*DIRECTIONS FOR THIS TASK:*
Since the copy must hold text only, transcribe the data below exactly and omit the images.

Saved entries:
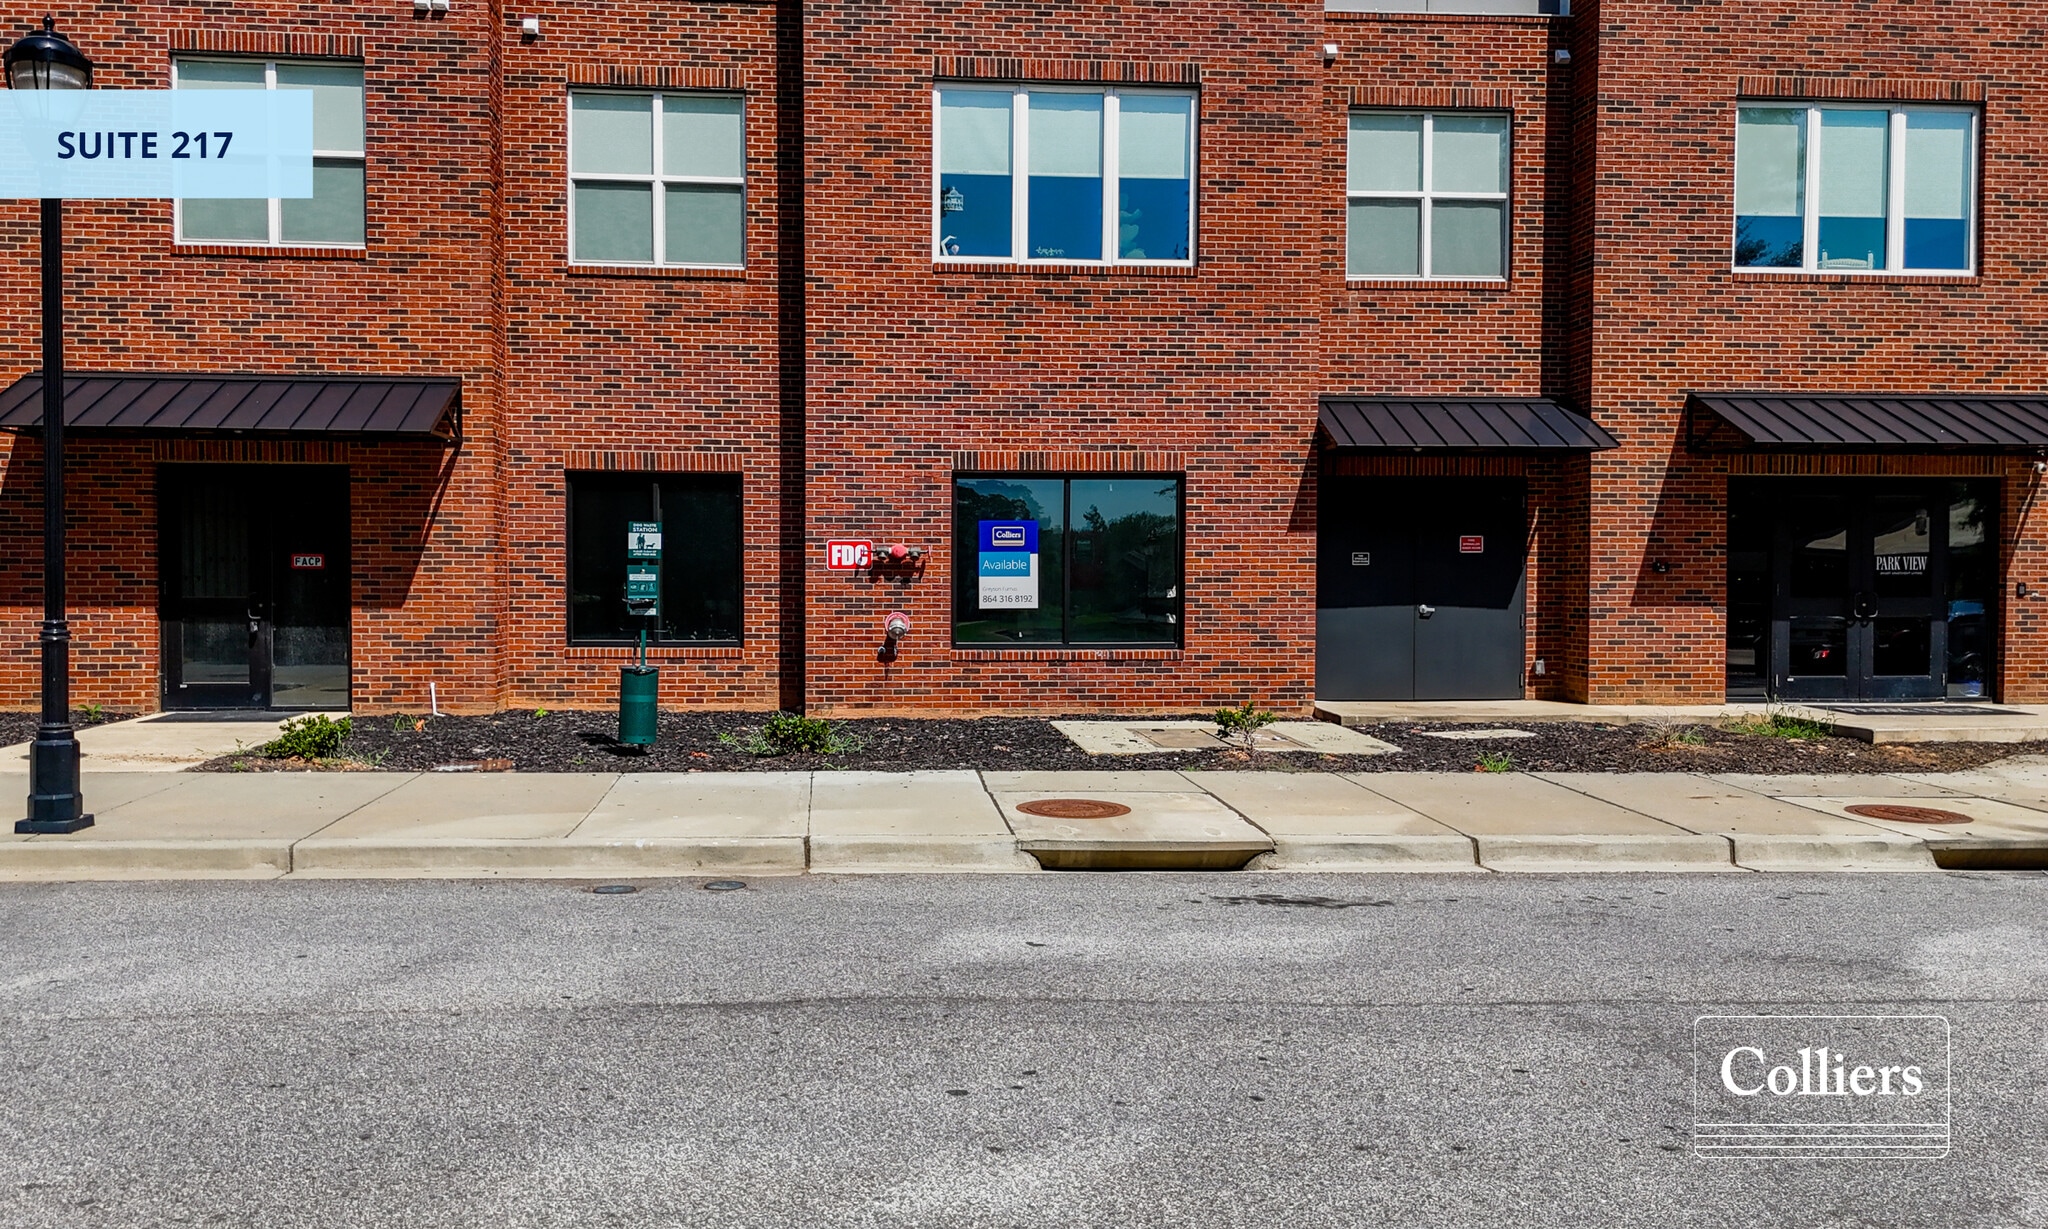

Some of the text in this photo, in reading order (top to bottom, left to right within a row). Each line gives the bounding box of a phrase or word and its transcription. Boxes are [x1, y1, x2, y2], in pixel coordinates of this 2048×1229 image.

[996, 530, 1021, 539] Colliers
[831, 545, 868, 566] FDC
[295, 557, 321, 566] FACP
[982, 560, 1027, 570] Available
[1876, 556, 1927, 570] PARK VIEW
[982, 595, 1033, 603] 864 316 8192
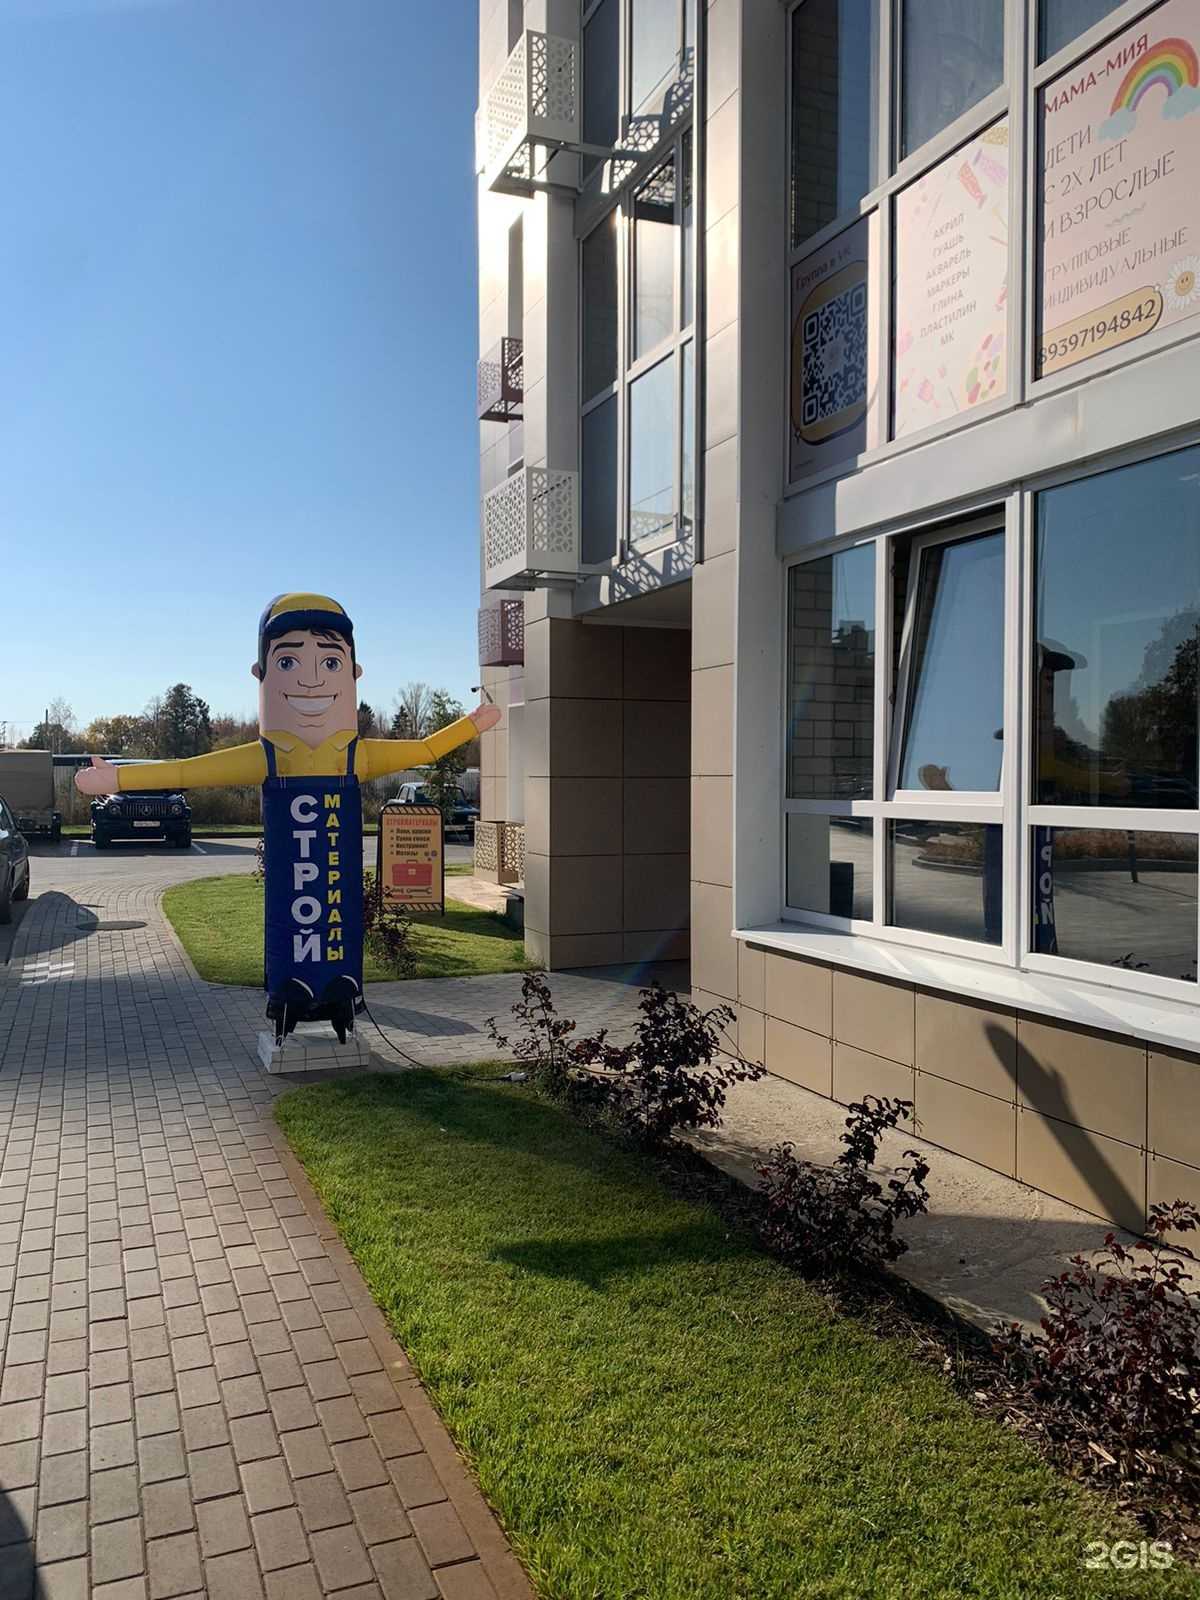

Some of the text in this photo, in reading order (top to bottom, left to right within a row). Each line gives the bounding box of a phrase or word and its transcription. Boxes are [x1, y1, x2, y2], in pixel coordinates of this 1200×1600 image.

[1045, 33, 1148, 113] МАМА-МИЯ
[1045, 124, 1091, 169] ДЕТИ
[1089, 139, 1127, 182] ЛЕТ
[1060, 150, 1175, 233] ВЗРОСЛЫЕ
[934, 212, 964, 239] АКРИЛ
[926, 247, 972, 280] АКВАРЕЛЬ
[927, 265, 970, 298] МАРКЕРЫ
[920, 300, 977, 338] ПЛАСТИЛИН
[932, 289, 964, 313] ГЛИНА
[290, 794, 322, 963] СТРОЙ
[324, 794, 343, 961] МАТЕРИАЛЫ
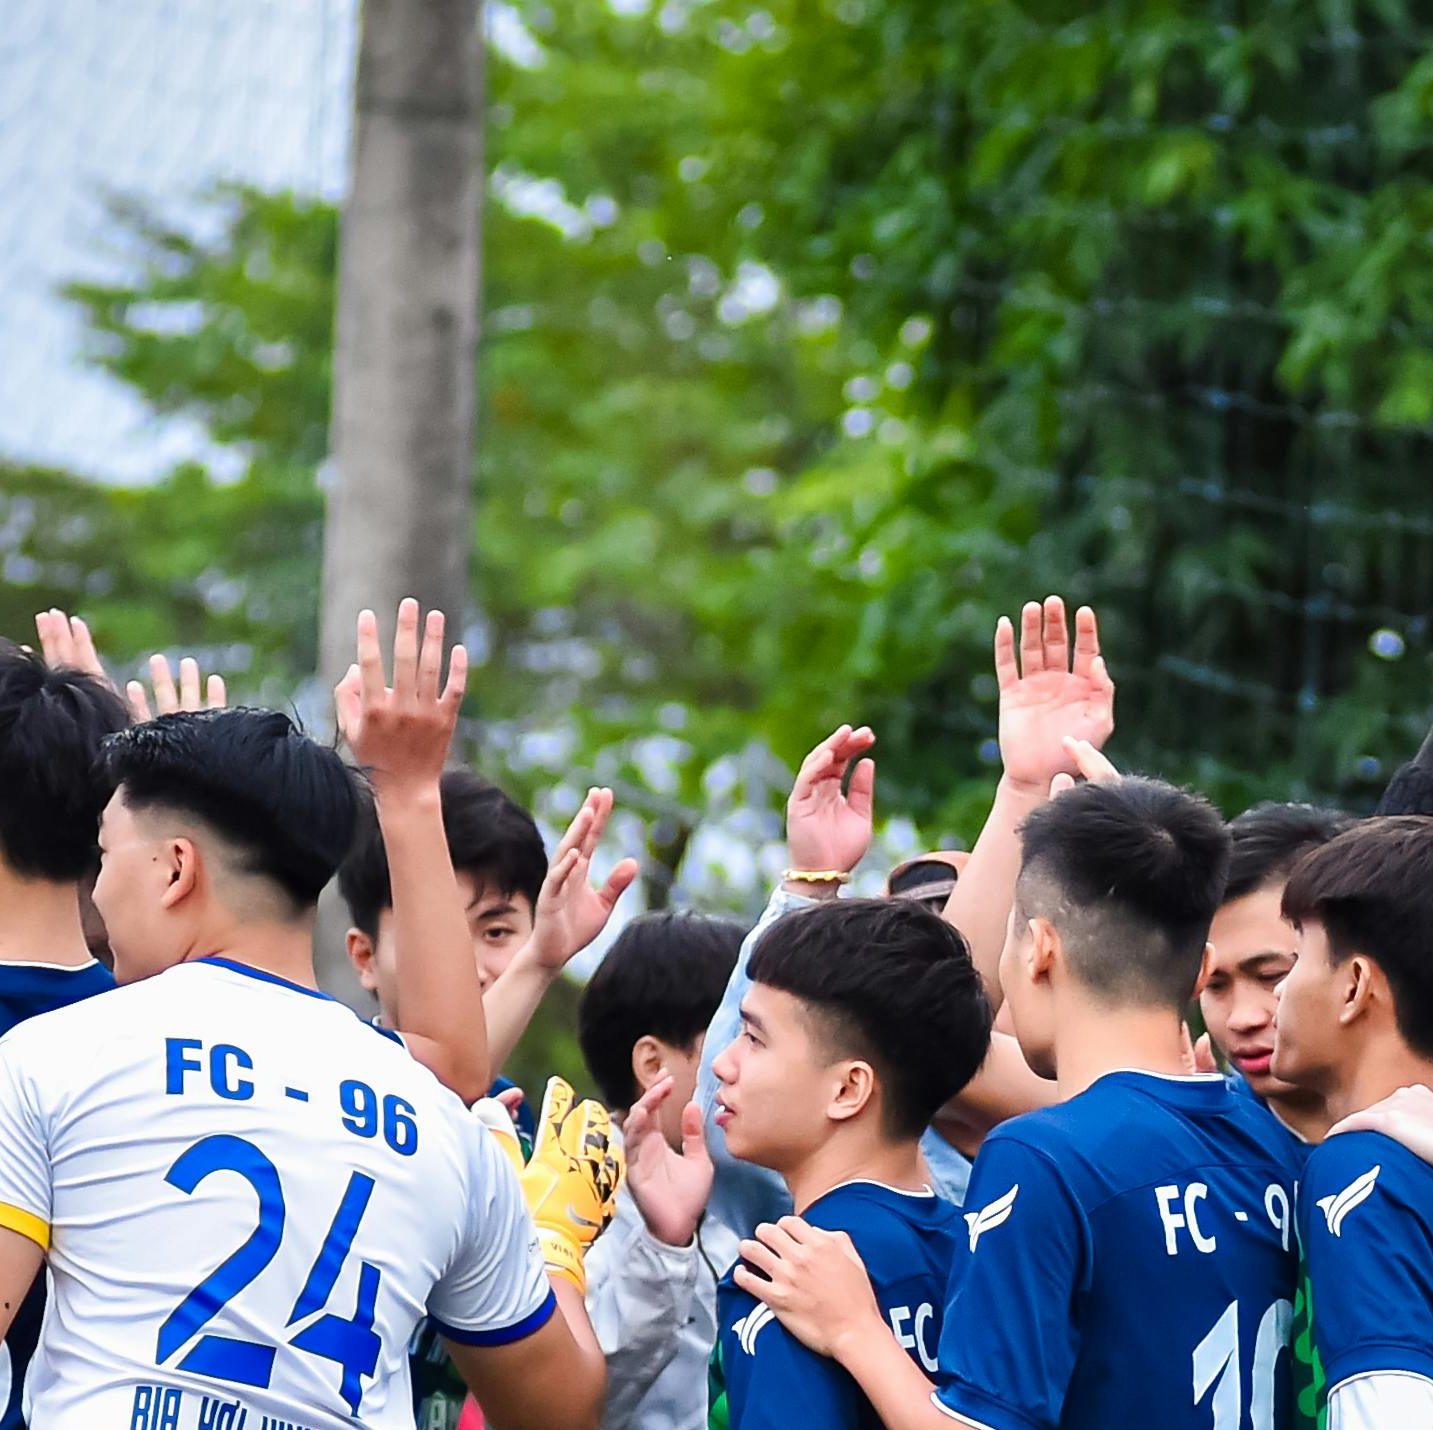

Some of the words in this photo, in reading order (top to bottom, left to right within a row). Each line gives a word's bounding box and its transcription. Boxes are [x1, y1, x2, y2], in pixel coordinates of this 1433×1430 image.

*WRITTEN RESPONSE:*
Some of the text in this photo, in reading order (top to bottom, left to right within a row). Each line gives the bounding box of a phrase or word and its transcription. Boxes are [x1, y1, x2, y2], in pixel coordinates of this 2048×1229 image.

[996, 530, 1021, 539] Colliers
[831, 545, 868, 566] FDC
[295, 557, 321, 566] FACP
[982, 560, 1027, 570] Available
[1876, 556, 1927, 570] PARK VIEW
[982, 595, 1033, 603] 864 316 8192

Some of the text in this photo, in reading order (top to bottom, left to right within a row). Each line gives the bounding box of a phrase or word and its transcription. Boxes are [x1, y1, x2, y2], in pixel coordinates of this 1200×1600 image.

[1045, 33, 1148, 113] МАМА-МИЯ
[1045, 124, 1091, 169] ДЕТИ
[1089, 139, 1127, 182] ЛЕТ
[1060, 150, 1175, 233] ВЗРОСЛЫЕ
[934, 212, 964, 239] АКРИЛ
[926, 247, 972, 280] АКВАРЕЛЬ
[927, 265, 970, 298] МАРКЕРЫ
[920, 300, 977, 338] ПЛАСТИЛИН
[932, 289, 964, 313] ГЛИНА
[290, 794, 322, 963] СТРОЙ
[324, 794, 343, 961] МАТЕРИАЛЫ

Some of the words in this photo, in reading order (top to bottom, left to right within a row). Each line gives a word's bounding box and its transcription. Boxes are [x1, y1, x2, y2], in pixel coordinates of this 1433×1430 image.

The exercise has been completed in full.